(Problem requirements)
Nothing other than the lines from the one containing "this 1600×1066 image." through the last line of the data below should be output, each reproduced exactly.

(Provided data)
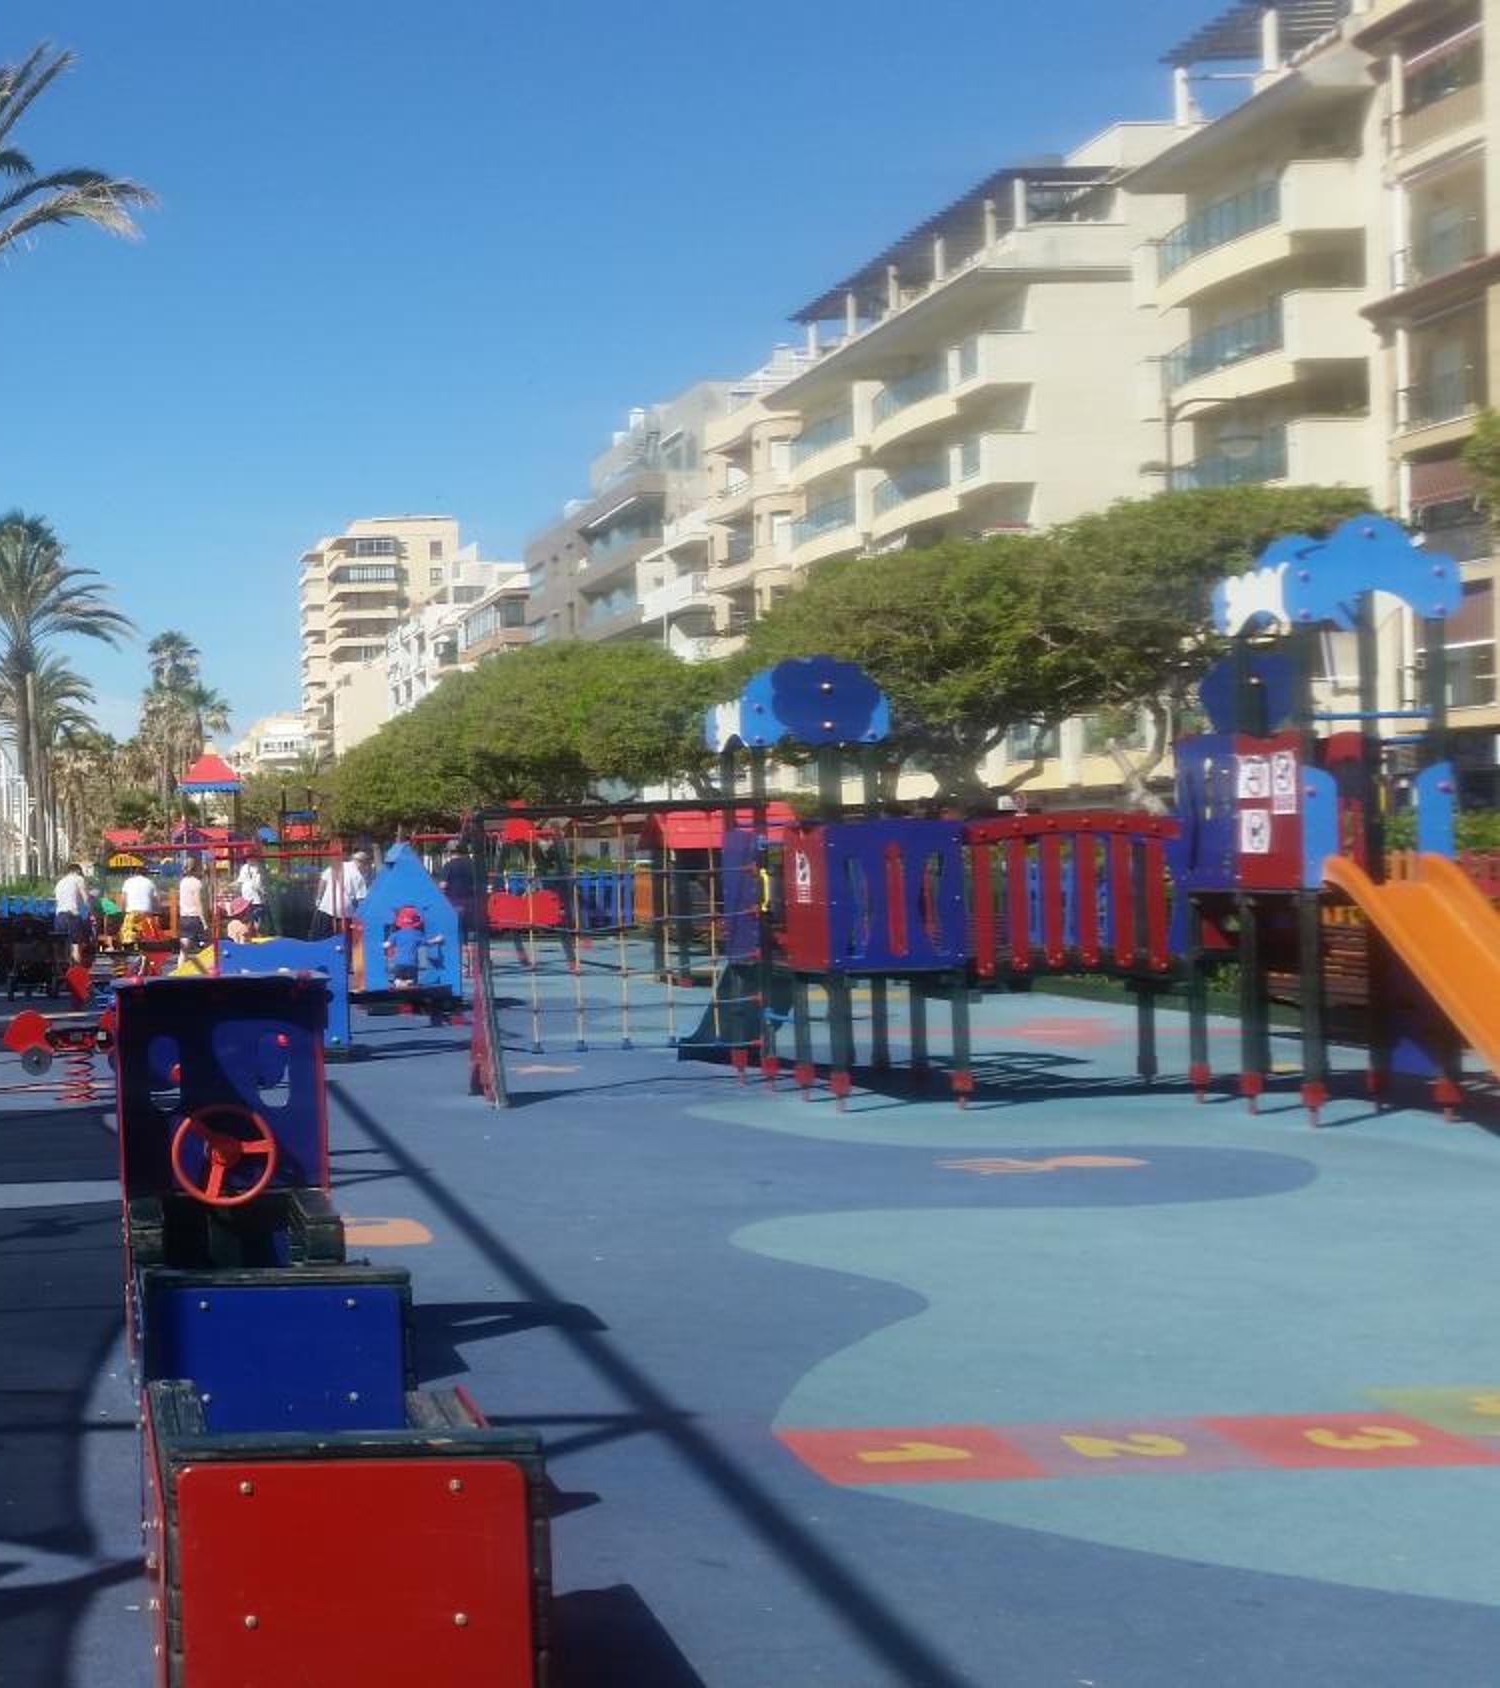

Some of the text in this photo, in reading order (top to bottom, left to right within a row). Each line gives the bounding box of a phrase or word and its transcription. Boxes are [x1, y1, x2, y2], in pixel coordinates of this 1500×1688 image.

[856, 1426, 1420, 1463] 1 2 3
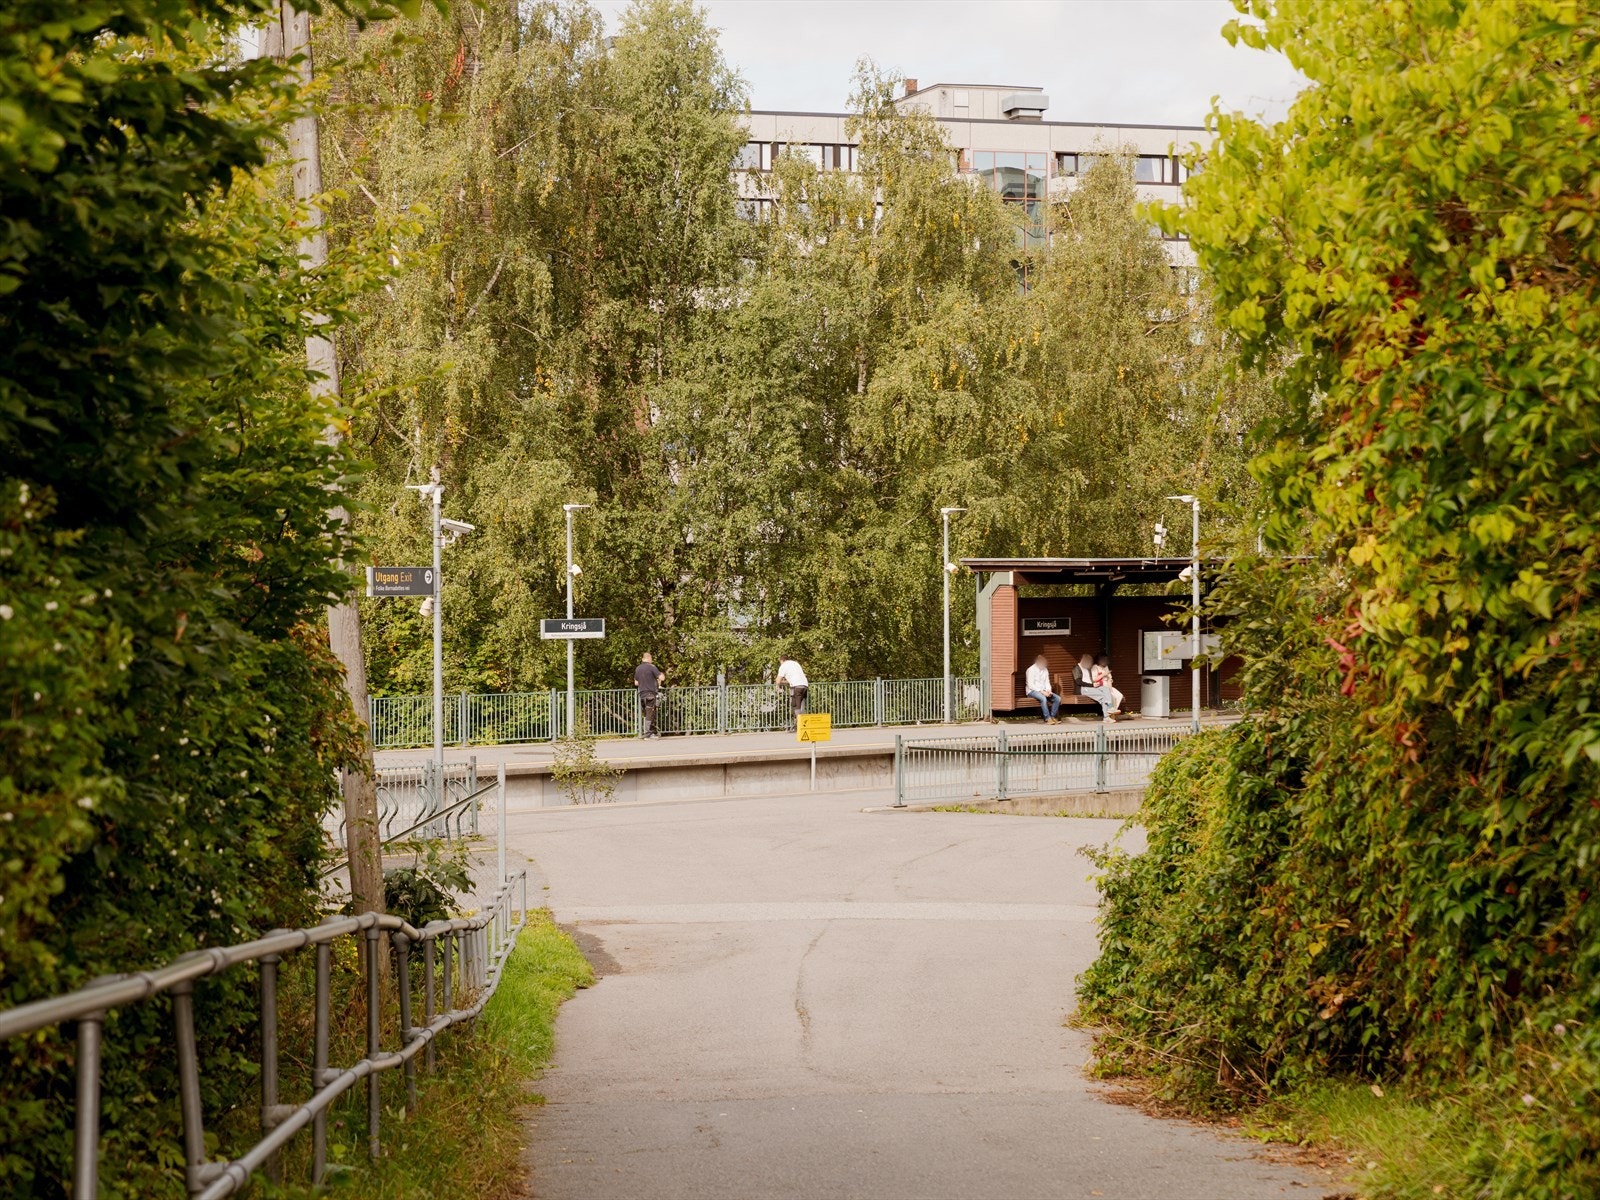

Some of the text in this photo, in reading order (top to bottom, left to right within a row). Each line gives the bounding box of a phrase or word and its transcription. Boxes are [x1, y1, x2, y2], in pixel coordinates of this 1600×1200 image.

[375, 572, 413, 584] Utgang Exit
[561, 621, 587, 631] Kringsjå
[1036, 620, 1057, 629] Kringsjå
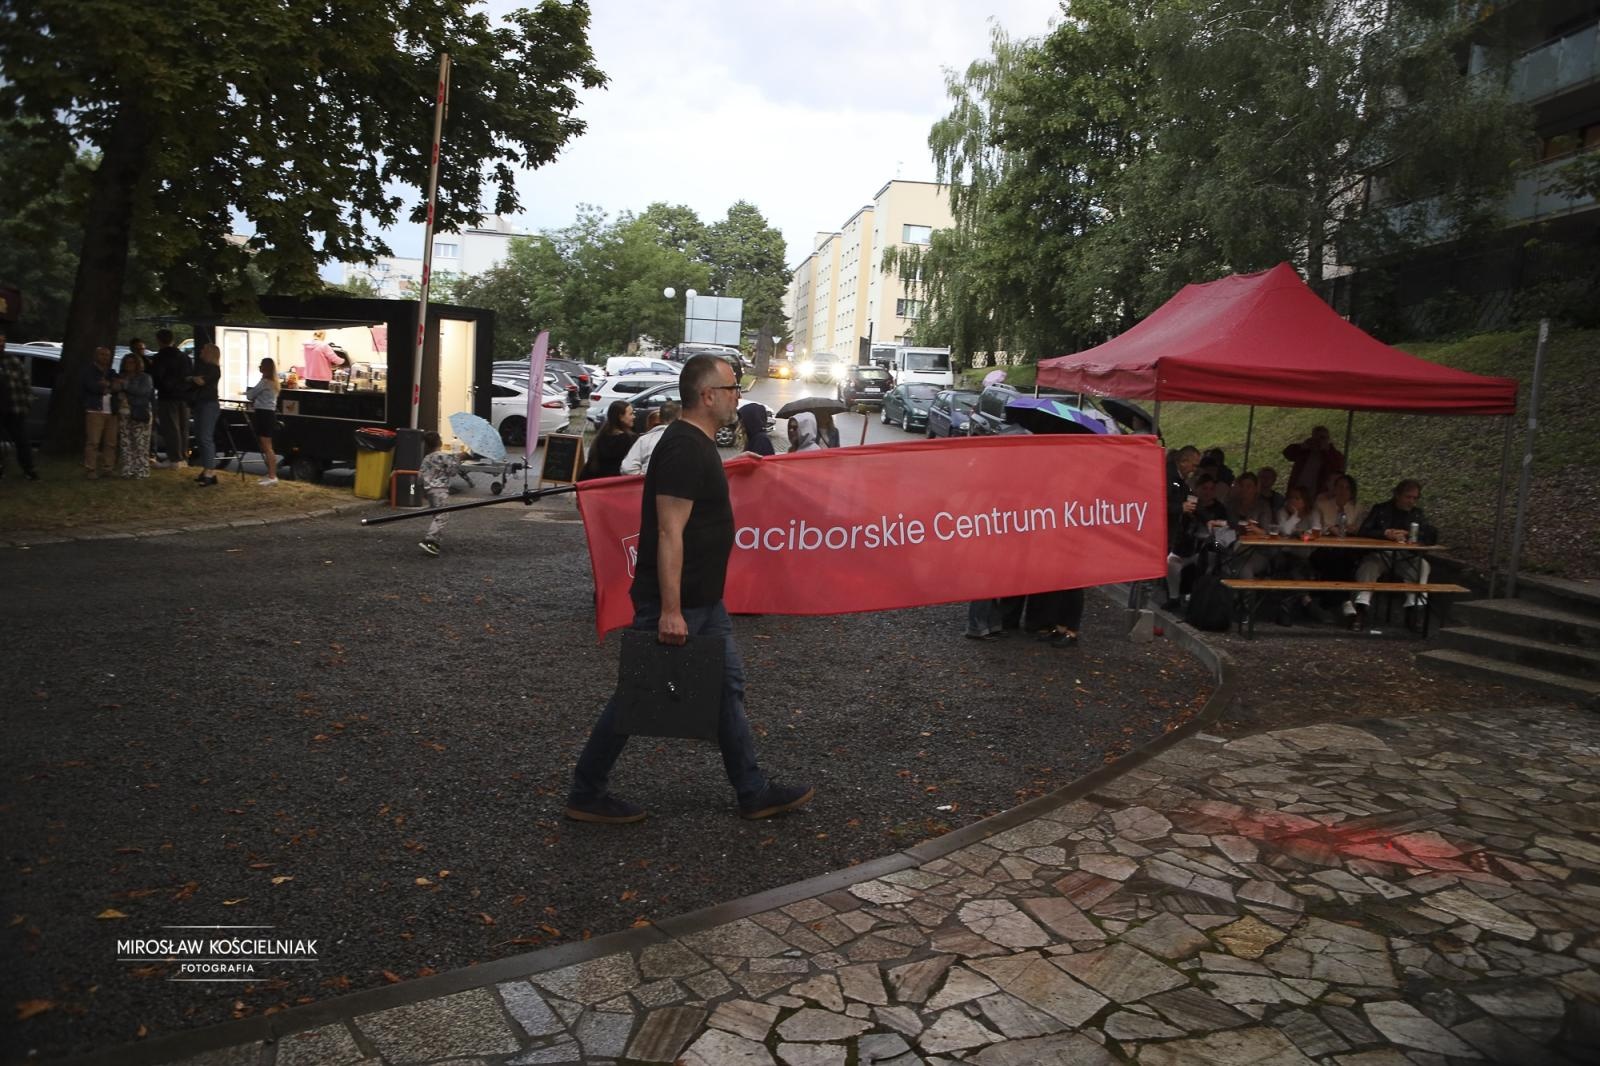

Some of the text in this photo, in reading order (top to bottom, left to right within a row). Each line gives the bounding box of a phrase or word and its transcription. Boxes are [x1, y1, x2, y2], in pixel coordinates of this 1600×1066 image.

[735, 498, 1148, 551] aciborskie Centrum Kultury

(Expected answer)
Some of the text in this photo, in reading order (top to bottom, left to right within a row). Each line gives the bounding box of a phrase or word and its transcription. Boxes are [x1, y1, x2, y2], in pixel coordinates of this 1600×1066 image.

[735, 498, 1148, 551] aciborskie Centrum Kultury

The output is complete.